To this end, we will conduct an options appraisal to scope the requirements, delivery timescales and potential for integration as part of wider digital infrastructure. In doing so we need to build on the capability and expertise gained from the work outlined in Case Study 19.1 and the world-class High Performance Computing (HPC) environment managed by the EPCC. Genomic data file formats (for example BAM and VCF file types) are standardised and well-supported across both academic and industry software which will help mitigate the difficulties in moving data between commercial and open-source systems.

  • Data federation: decentralised data model with data governance standards defined centrally and a shared data infrastructure layer to support data sharing and interoperability across organisations and disciplines

Genomic reports and interpretation

While the components outlined above focus on the genomic information generated by laboratories and subsequent analysis, there is also a pressing need to consider access to genomic diagnostic reports and interpretation. Reports are currently stored within individual Health Board Scottish Care Information (SCI) Store systems, frequently in PDF formats that require complicated efforts to share or data-mine the vital clinical information that they contain or which follow reporting standards that are not designed with patients as the intended end users. We need to ensure, in conjunction with the wider SSND, a whole-system approach is taken so that diagnostic information is securely accessible to those who need it across health and care systems, including primary care. We need to consider, as a whole, how these reports and the reporting standards used fit with the wider ambitions to provide access for patients to their own health records.

Data interoperability

Underlying these components is the importance of data interoperability; the ability to integrate genomic data with other health and care data in Scotland at a local, regional and national level, and to link up across the UK and internationally to share genomic intelligence. In Scotland, we have the Community Health Index (CHI) which is used for health care purposes and uniquely identifies a person. The CHI acts as a principal means of recording demographic information for patients within the NHS. A technical change programme is underway to revise the CHI and make it more flexible and functional across the wider health and social care system. Within the development of data solutions and digital infrastructure, there is a need for CHI-linked genomic data, in conjunction with common data models and standards, that can support the gathering of intelligence and translation into datasets for research and integration with other sources of data to allow real world evidence studies of the value of different genomic technologies and tests across Scotland.

Working to address racialised inequalities within data systems

The Expert Reference Group on COVID-19 and Ethnicity established by the Scottish Government in 2020 to consider the impact of COVID-19 on minority ethnic communities considered evidence of systemic data inadequacies, risks and harms within Scotland.[22] There is also a known lack of diversity within genomic data and variant repositories and structural biases within many new tools and technologies. We will work with the Anti-Racism Observatory to ensure that infrastructure and processes developed to support genomic medicine in Scotland do not perpetuate racialised systemic inequity and that there are clear guidelines on how race and ethnicity data is collected and used responsibly as risk markers rather than risk factors.

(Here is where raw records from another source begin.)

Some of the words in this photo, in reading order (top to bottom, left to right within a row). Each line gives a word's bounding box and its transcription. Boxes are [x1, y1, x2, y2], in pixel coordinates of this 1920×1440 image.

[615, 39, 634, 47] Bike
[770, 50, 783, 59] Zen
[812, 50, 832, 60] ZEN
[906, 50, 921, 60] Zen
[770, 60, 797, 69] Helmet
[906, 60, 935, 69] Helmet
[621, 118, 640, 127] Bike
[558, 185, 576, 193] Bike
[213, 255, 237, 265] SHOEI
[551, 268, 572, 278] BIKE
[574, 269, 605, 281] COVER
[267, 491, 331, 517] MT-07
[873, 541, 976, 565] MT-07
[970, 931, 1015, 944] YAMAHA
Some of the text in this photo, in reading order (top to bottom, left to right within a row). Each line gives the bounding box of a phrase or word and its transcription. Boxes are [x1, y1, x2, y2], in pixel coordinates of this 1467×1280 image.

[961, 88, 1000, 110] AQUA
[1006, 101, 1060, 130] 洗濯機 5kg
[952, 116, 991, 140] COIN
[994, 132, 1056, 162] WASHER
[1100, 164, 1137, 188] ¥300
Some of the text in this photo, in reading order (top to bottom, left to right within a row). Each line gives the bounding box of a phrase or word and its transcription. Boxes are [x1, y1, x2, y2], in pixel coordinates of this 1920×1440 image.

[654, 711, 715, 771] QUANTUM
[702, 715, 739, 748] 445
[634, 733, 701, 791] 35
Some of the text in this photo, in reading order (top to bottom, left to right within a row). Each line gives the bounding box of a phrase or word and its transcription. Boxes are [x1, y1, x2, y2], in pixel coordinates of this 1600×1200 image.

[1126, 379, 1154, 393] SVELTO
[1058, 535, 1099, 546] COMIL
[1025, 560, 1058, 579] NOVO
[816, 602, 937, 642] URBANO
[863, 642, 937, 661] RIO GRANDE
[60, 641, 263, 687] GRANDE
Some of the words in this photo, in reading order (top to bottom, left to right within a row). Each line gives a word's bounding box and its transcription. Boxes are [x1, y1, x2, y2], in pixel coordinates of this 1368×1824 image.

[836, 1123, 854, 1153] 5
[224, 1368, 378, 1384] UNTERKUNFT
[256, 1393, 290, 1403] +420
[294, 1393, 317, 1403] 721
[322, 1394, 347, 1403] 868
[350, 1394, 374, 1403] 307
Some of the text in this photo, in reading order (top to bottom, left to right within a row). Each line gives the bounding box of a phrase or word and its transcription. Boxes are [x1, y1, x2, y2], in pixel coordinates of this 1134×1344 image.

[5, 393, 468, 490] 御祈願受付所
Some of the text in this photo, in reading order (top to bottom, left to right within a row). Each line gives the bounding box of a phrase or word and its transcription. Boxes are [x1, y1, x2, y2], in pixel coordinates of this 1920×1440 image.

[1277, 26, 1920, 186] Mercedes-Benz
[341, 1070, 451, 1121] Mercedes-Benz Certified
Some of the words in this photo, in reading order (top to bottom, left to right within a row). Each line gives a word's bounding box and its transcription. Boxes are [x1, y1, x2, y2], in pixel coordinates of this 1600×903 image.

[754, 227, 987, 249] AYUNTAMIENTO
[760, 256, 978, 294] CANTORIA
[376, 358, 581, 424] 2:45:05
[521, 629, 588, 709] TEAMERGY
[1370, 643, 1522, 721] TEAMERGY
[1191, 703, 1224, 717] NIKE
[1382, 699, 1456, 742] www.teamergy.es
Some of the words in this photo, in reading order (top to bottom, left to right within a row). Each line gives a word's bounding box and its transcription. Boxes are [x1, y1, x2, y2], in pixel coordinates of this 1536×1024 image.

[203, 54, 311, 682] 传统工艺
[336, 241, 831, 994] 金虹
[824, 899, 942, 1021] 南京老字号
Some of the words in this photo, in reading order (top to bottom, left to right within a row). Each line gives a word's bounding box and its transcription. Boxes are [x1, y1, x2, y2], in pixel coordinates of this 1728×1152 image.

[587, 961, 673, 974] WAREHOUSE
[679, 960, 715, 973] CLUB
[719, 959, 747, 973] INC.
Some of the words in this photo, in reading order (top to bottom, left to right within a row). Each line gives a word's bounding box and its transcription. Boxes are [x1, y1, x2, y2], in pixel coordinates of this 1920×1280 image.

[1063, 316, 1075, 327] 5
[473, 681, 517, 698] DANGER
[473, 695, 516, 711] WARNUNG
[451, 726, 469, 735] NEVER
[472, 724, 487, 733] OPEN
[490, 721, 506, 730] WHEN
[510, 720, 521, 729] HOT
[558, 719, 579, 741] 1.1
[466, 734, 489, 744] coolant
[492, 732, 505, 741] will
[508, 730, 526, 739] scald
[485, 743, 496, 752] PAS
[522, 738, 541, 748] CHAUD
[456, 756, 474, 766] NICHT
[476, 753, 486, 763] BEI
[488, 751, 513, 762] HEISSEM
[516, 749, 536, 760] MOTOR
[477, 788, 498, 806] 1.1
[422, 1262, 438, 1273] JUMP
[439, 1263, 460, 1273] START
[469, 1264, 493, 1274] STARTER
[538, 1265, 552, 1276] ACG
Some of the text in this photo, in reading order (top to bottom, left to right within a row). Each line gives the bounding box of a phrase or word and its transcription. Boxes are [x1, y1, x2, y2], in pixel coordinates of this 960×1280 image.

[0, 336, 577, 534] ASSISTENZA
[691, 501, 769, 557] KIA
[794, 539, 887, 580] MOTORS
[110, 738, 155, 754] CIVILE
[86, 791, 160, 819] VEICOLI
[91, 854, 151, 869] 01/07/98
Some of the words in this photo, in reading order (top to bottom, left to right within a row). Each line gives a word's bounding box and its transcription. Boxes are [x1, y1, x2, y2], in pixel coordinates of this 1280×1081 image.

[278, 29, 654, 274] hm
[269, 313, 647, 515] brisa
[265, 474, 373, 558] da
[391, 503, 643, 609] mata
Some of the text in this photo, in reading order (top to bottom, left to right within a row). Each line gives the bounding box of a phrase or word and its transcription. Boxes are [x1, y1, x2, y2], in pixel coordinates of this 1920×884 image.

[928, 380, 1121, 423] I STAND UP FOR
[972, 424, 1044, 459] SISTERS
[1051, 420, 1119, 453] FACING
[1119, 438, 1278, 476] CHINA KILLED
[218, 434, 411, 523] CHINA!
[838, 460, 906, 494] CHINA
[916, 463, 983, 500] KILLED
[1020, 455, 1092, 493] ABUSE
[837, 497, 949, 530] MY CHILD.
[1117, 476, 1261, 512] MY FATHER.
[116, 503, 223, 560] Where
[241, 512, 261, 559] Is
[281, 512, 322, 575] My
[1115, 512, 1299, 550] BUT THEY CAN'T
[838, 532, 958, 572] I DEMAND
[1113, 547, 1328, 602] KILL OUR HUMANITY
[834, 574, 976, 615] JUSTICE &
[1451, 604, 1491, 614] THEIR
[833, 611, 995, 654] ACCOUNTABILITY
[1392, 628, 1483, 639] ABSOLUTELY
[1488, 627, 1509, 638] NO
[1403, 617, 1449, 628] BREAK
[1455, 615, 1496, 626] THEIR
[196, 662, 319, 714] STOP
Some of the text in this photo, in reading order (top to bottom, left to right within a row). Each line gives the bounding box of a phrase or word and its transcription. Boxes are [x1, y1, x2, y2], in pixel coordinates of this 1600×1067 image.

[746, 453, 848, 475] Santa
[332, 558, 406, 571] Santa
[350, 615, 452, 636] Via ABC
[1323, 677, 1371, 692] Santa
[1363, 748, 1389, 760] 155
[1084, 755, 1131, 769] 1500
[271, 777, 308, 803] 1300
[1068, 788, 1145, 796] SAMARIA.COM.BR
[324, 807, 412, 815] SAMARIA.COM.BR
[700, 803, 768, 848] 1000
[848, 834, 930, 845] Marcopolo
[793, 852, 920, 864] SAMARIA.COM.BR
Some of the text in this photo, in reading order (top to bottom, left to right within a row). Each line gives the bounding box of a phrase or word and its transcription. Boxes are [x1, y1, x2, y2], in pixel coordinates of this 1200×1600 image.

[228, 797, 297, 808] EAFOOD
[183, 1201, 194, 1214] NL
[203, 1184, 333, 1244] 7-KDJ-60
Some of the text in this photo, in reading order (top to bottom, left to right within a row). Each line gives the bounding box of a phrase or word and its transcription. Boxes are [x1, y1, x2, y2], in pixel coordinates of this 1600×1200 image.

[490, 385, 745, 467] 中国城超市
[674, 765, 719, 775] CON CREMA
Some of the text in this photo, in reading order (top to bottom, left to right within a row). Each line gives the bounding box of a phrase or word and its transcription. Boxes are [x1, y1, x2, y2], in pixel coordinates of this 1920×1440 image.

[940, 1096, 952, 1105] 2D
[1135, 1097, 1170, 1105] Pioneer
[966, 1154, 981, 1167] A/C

Data for research, innovation and service improvement

We will also find ways to capture data on genomic medicine service processes and clinical outcomes to assess their reach, effectiveness, adoption, implementation and maintenance, in conjunction with work around a national genomic data return as detailed below.

What will this mean for people of Scotland?

Having a fit-for-purpose data infrastructure will ensure that people’s genomic data is stored safely and securely. It will also enable scientists and clinicians to get the most out of working with data to improve people’s lives, with interoperability across systems to enable greater collaboration.